Exercise aim: Please repeat the entries exactly as they appear and omit any images.

Dataset records:
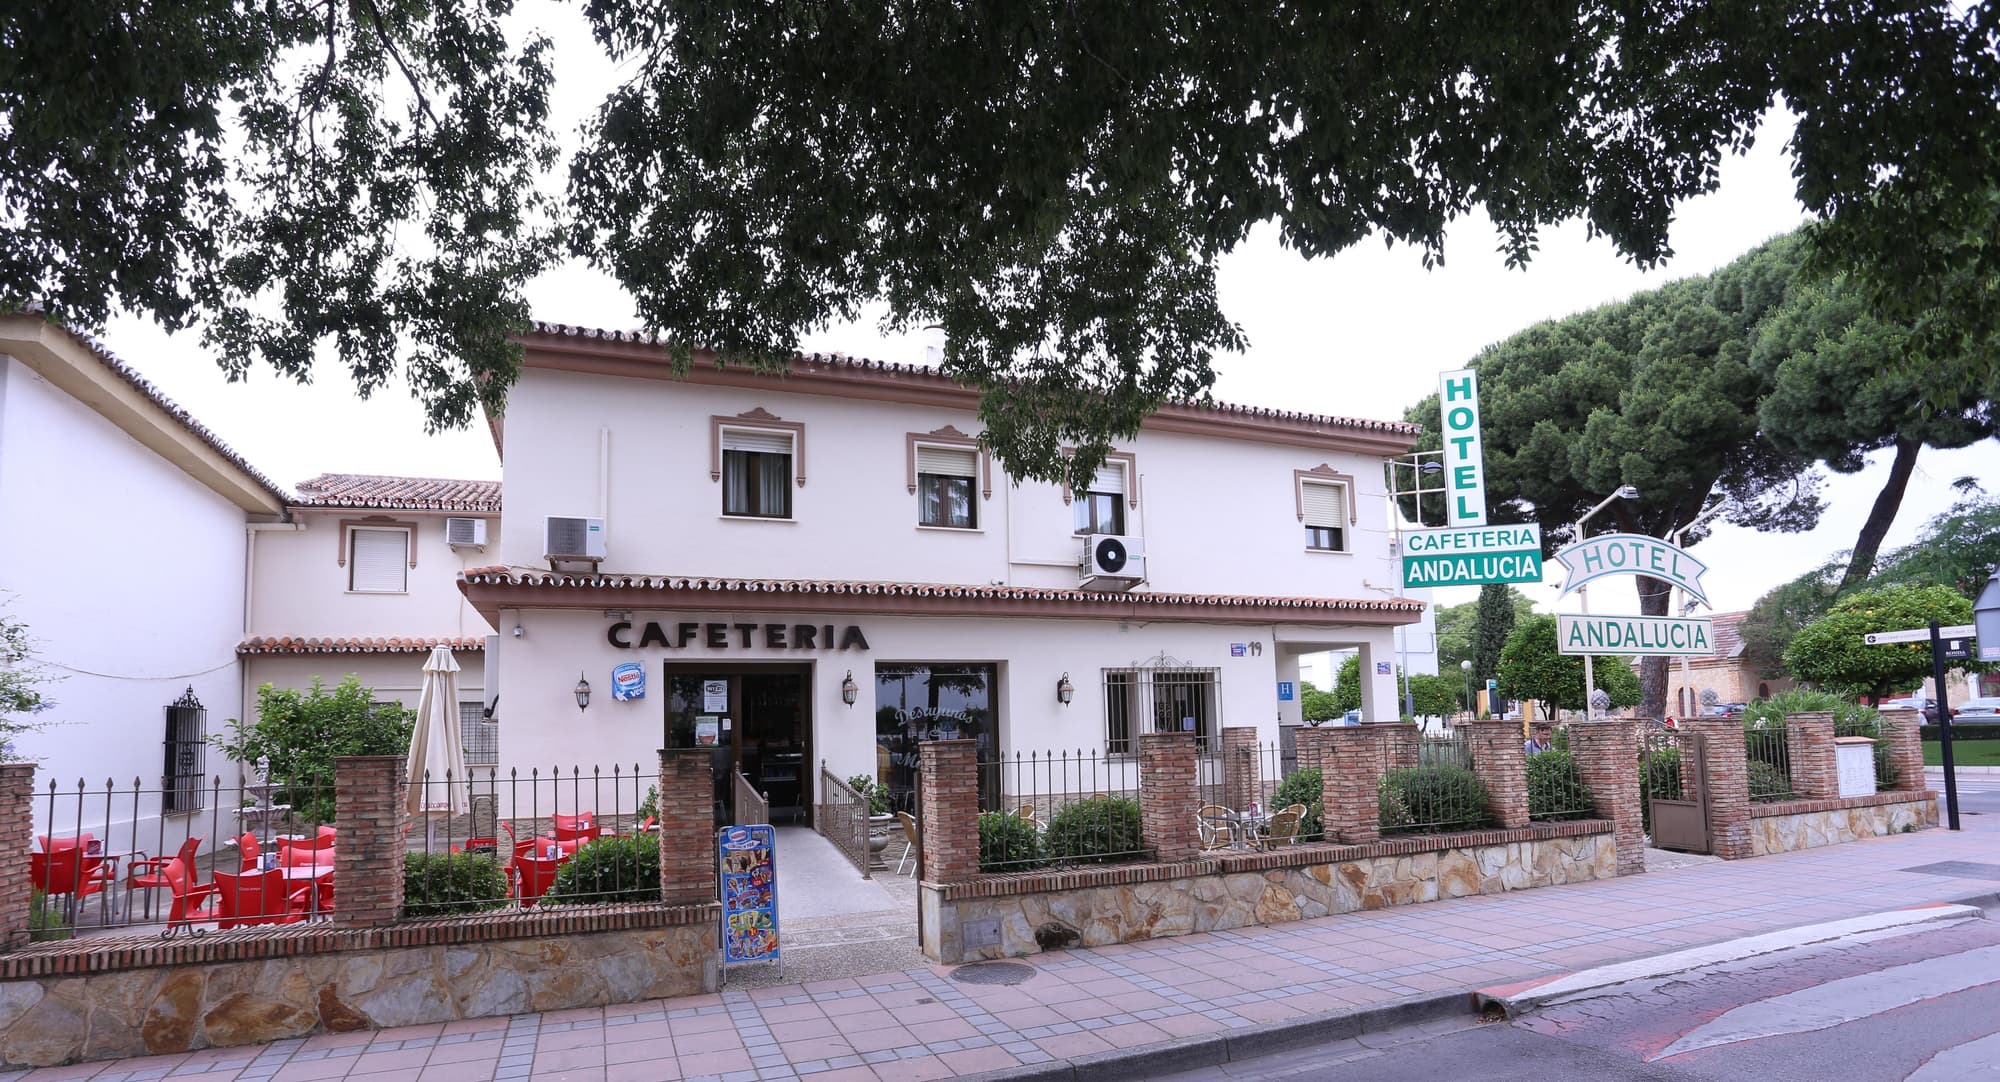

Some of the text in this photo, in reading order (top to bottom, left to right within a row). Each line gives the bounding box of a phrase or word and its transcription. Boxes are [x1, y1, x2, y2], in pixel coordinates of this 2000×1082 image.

[1446, 377, 1479, 519] HOTEL
[1408, 529, 1536, 551] CAFETERIA
[1407, 555, 1538, 583] ANDALUCIA
[1582, 542, 1687, 581] HOTEL
[607, 622, 870, 651] CAFETERIA
[1568, 620, 1709, 649] ANDALUCIA
[1247, 641, 1262, 657] 19
[1281, 683, 1290, 695] H
[894, 706, 974, 726] Desayunos

Written response:
Some of the text in this photo, in reading order (top to bottom, left to right within a row). Each line gives the bounding box of a phrase or word and its transcription. Boxes are [x1, y1, x2, y2], in pixel coordinates of this 2000×1082 image.

[1446, 377, 1479, 519] HOTEL
[1408, 529, 1536, 551] CAFETERIA
[1407, 555, 1538, 583] ANDALUCIA
[1582, 542, 1687, 581] HOTEL
[607, 622, 870, 651] CAFETERIA
[1568, 620, 1709, 649] ANDALUCIA
[1247, 641, 1262, 657] 19
[1281, 683, 1290, 695] H
[894, 706, 974, 726] Desayunos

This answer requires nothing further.